- PROBLEM TO SOLVE
When you respond, restate each record exactly as it is given.

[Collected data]
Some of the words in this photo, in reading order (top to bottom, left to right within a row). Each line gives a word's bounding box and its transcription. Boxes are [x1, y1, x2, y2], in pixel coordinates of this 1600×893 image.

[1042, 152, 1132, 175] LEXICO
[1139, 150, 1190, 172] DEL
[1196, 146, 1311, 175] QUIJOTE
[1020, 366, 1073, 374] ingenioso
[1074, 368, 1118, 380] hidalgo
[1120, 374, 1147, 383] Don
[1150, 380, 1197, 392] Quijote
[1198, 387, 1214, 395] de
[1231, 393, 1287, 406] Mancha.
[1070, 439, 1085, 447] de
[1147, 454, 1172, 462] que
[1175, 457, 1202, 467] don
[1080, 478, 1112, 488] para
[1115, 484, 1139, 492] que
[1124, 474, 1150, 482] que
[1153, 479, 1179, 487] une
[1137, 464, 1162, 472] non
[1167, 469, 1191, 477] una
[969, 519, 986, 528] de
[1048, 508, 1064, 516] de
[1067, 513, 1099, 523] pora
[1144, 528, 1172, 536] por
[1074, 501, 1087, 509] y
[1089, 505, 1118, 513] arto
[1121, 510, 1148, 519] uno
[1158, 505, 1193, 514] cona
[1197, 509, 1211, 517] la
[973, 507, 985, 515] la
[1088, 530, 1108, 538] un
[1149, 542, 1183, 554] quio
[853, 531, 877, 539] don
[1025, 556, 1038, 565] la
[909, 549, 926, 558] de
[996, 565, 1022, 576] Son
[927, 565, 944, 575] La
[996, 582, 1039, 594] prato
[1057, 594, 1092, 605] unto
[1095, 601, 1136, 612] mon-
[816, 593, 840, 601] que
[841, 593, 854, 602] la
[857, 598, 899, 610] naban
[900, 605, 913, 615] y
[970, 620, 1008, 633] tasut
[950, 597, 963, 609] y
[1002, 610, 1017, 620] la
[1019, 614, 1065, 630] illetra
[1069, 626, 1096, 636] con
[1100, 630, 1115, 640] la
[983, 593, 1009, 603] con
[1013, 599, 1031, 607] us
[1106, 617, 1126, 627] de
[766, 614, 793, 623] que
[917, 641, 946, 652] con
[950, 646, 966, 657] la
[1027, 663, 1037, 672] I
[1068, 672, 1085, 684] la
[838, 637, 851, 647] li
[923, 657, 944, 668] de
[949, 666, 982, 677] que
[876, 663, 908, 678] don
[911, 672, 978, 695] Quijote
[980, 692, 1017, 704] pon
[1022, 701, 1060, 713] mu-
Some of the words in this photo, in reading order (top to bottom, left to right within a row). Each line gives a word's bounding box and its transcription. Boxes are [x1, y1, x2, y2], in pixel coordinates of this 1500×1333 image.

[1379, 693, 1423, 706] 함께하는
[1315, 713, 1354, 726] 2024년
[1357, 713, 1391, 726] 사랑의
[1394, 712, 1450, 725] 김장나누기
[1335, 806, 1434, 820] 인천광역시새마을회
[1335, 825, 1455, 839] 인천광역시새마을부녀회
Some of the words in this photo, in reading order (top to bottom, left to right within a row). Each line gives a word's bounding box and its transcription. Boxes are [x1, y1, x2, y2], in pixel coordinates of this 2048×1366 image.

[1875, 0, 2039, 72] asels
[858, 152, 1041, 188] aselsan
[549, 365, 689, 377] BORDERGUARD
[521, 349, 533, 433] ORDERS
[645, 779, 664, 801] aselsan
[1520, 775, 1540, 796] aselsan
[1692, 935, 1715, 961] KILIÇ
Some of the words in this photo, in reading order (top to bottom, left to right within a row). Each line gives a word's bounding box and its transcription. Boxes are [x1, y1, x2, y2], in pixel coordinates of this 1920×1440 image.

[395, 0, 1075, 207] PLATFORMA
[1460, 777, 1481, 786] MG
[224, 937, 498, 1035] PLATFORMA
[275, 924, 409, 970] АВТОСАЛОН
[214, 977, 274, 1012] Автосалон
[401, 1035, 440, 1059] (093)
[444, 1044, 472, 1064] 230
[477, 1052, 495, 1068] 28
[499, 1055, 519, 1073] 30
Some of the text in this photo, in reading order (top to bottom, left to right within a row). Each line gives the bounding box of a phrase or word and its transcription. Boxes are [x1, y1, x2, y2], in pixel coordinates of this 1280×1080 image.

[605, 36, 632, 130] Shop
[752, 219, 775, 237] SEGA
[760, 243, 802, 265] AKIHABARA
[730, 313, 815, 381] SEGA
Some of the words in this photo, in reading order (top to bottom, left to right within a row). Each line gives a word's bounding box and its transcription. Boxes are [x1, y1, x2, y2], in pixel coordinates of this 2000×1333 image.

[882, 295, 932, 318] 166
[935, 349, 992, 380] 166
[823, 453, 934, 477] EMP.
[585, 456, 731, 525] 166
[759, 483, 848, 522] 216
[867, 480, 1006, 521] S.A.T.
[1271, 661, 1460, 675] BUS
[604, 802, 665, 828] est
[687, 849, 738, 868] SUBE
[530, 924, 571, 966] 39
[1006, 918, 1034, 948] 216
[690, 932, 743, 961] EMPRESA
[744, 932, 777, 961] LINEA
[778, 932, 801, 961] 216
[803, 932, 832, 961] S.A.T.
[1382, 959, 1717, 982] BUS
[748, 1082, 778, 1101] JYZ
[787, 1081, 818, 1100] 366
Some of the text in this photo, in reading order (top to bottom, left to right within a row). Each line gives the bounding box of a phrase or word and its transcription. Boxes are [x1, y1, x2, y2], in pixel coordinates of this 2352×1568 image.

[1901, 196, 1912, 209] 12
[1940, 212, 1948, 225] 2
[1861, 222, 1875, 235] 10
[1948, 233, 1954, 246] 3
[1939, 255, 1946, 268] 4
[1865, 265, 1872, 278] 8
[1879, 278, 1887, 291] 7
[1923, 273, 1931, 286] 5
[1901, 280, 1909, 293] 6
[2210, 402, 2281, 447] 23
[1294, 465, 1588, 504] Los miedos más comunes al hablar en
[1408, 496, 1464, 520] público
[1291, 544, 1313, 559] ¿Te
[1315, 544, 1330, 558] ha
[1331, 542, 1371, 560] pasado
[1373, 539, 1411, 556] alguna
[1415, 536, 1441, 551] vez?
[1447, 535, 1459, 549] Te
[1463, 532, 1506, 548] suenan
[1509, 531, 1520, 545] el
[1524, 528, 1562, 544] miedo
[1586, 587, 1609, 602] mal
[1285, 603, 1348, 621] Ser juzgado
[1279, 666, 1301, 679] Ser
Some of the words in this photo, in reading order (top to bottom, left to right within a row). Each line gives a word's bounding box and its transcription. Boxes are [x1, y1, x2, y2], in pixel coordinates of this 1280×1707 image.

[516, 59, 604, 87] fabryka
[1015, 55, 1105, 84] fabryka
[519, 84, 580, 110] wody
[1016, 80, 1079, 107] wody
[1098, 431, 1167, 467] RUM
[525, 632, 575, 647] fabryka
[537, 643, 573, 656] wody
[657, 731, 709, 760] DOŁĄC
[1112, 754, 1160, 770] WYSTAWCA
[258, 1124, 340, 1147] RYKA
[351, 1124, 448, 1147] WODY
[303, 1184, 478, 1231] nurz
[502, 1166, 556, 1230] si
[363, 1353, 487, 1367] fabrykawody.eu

- ANSWER
Some of the words in this photo, in reading order (top to bottom, left to right within a row). Each line gives a word's bounding box and its transcription. Boxes are [x1, y1, x2, y2], in pixel coordinates of this 1600×893 image.

[1042, 152, 1132, 175] LEXICO
[1139, 150, 1190, 172] DEL
[1196, 146, 1311, 175] QUIJOTE
[1020, 366, 1073, 374] ingenioso
[1074, 368, 1118, 380] hidalgo
[1120, 374, 1147, 383] Don
[1150, 380, 1197, 392] Quijote
[1198, 387, 1214, 395] de
[1231, 393, 1287, 406] Mancha.
[1070, 439, 1085, 447] de
[1147, 454, 1172, 462] que
[1175, 457, 1202, 467] don
[1080, 478, 1112, 488] para
[1115, 484, 1139, 492] que
[1124, 474, 1150, 482] que
[1153, 479, 1179, 487] une
[1137, 464, 1162, 472] non
[1167, 469, 1191, 477] una
[969, 519, 986, 528] de
[1048, 508, 1064, 516] de
[1067, 513, 1099, 523] pora
[1144, 528, 1172, 536] por
[1074, 501, 1087, 509] y
[1089, 505, 1118, 513] arto
[1121, 510, 1148, 519] uno
[1158, 505, 1193, 514] cona
[1197, 509, 1211, 517] la
[973, 507, 985, 515] la
[1088, 530, 1108, 538] un
[1149, 542, 1183, 554] quio
[853, 531, 877, 539] don
[1025, 556, 1038, 565] la
[909, 549, 926, 558] de
[996, 565, 1022, 576] Son
[927, 565, 944, 575] La
[996, 582, 1039, 594] prato
[1057, 594, 1092, 605] unto
[1095, 601, 1136, 612] mon-
[816, 593, 840, 601] que
[841, 593, 854, 602] la
[857, 598, 899, 610] naban
[900, 605, 913, 615] y
[970, 620, 1008, 633] tasut
[950, 597, 963, 609] y
[1002, 610, 1017, 620] la
[1019, 614, 1065, 630] illetra
[1069, 626, 1096, 636] con
[1100, 630, 1115, 640] la
[983, 593, 1009, 603] con
[1013, 599, 1031, 607] us
[1106, 617, 1126, 627] de
[766, 614, 793, 623] que
[917, 641, 946, 652] con
[950, 646, 966, 657] la
[1027, 663, 1037, 672] I
[1068, 672, 1085, 684] la
[838, 637, 851, 647] li
[923, 657, 944, 668] de
[949, 666, 982, 677] que
[876, 663, 908, 678] don
[911, 672, 978, 695] Quijote
[980, 692, 1017, 704] pon
[1022, 701, 1060, 713] mu-
Some of the words in this photo, in reading order (top to bottom, left to right within a row). Each line gives a word's bounding box and its transcription. Boxes are [x1, y1, x2, y2], in pixel coordinates of this 1500×1333 image.

[1379, 693, 1423, 706] 함께하는
[1315, 713, 1354, 726] 2024년
[1357, 713, 1391, 726] 사랑의
[1394, 712, 1450, 725] 김장나누기
[1335, 806, 1434, 820] 인천광역시새마을회
[1335, 825, 1455, 839] 인천광역시새마을부녀회
Some of the words in this photo, in reading order (top to bottom, left to right within a row). Each line gives a word's bounding box and its transcription. Boxes are [x1, y1, x2, y2], in pixel coordinates of this 2048×1366 image.

[1875, 0, 2039, 72] asels
[858, 152, 1041, 188] aselsan
[549, 365, 689, 377] BORDERGUARD
[521, 349, 533, 433] ORDERS
[645, 779, 664, 801] aselsan
[1520, 775, 1540, 796] aselsan
[1692, 935, 1715, 961] KILIÇ
Some of the words in this photo, in reading order (top to bottom, left to right within a row). Each line gives a word's bounding box and its transcription. Boxes are [x1, y1, x2, y2], in pixel coordinates of this 1920×1440 image.

[395, 0, 1075, 207] PLATFORMA
[1460, 777, 1481, 786] MG
[224, 937, 498, 1035] PLATFORMA
[275, 924, 409, 970] АВТОСАЛОН
[214, 977, 274, 1012] Автосалон
[401, 1035, 440, 1059] (093)
[444, 1044, 472, 1064] 230
[477, 1052, 495, 1068] 28
[499, 1055, 519, 1073] 30
Some of the text in this photo, in reading order (top to bottom, left to right within a row). Each line gives the bounding box of a phrase or word and its transcription. Boxes are [x1, y1, x2, y2], in pixel coordinates of this 1280×1080 image.

[605, 36, 632, 130] Shop
[752, 219, 775, 237] SEGA
[760, 243, 802, 265] AKIHABARA
[730, 313, 815, 381] SEGA
Some of the words in this photo, in reading order (top to bottom, left to right within a row). Each line gives a word's bounding box and its transcription. Boxes are [x1, y1, x2, y2], in pixel coordinates of this 2000×1333 image.

[882, 295, 932, 318] 166
[935, 349, 992, 380] 166
[823, 453, 934, 477] EMP.
[585, 456, 731, 525] 166
[759, 483, 848, 522] 216
[867, 480, 1006, 521] S.A.T.
[1271, 661, 1460, 675] BUS
[604, 802, 665, 828] est
[687, 849, 738, 868] SUBE
[530, 924, 571, 966] 39
[1006, 918, 1034, 948] 216
[690, 932, 743, 961] EMPRESA
[744, 932, 777, 961] LINEA
[778, 932, 801, 961] 216
[803, 932, 832, 961] S.A.T.
[1382, 959, 1717, 982] BUS
[748, 1082, 778, 1101] JYZ
[787, 1081, 818, 1100] 366
Some of the text in this photo, in reading order (top to bottom, left to right within a row). Each line gives the bounding box of a phrase or word and its transcription. Boxes are [x1, y1, x2, y2], in pixel coordinates of this 2352×1568 image.

[1901, 196, 1912, 209] 12
[1940, 212, 1948, 225] 2
[1861, 222, 1875, 235] 10
[1948, 233, 1954, 246] 3
[1939, 255, 1946, 268] 4
[1865, 265, 1872, 278] 8
[1879, 278, 1887, 291] 7
[1923, 273, 1931, 286] 5
[1901, 280, 1909, 293] 6
[2210, 402, 2281, 447] 23
[1294, 465, 1588, 504] Los miedos más comunes al hablar en
[1408, 496, 1464, 520] público
[1291, 544, 1313, 559] ¿Te
[1315, 544, 1330, 558] ha
[1331, 542, 1371, 560] pasado
[1373, 539, 1411, 556] alguna
[1415, 536, 1441, 551] vez?
[1447, 535, 1459, 549] Te
[1463, 532, 1506, 548] suenan
[1509, 531, 1520, 545] el
[1524, 528, 1562, 544] miedo
[1586, 587, 1609, 602] mal
[1285, 603, 1348, 621] Ser juzgado
[1279, 666, 1301, 679] Ser
Some of the words in this photo, in reading order (top to bottom, left to right within a row). Each line gives a word's bounding box and its transcription. Boxes are [x1, y1, x2, y2], in pixel coordinates of this 1280×1707 image.

[516, 59, 604, 87] fabryka
[1015, 55, 1105, 84] fabryka
[519, 84, 580, 110] wody
[1016, 80, 1079, 107] wody
[1098, 431, 1167, 467] RUM
[525, 632, 575, 647] fabryka
[537, 643, 573, 656] wody
[657, 731, 709, 760] DOŁĄC
[1112, 754, 1160, 770] WYSTAWCA
[258, 1124, 340, 1147] RYKA
[351, 1124, 448, 1147] WODY
[303, 1184, 478, 1231] nurz
[502, 1166, 556, 1230] si
[363, 1353, 487, 1367] fabrykawody.eu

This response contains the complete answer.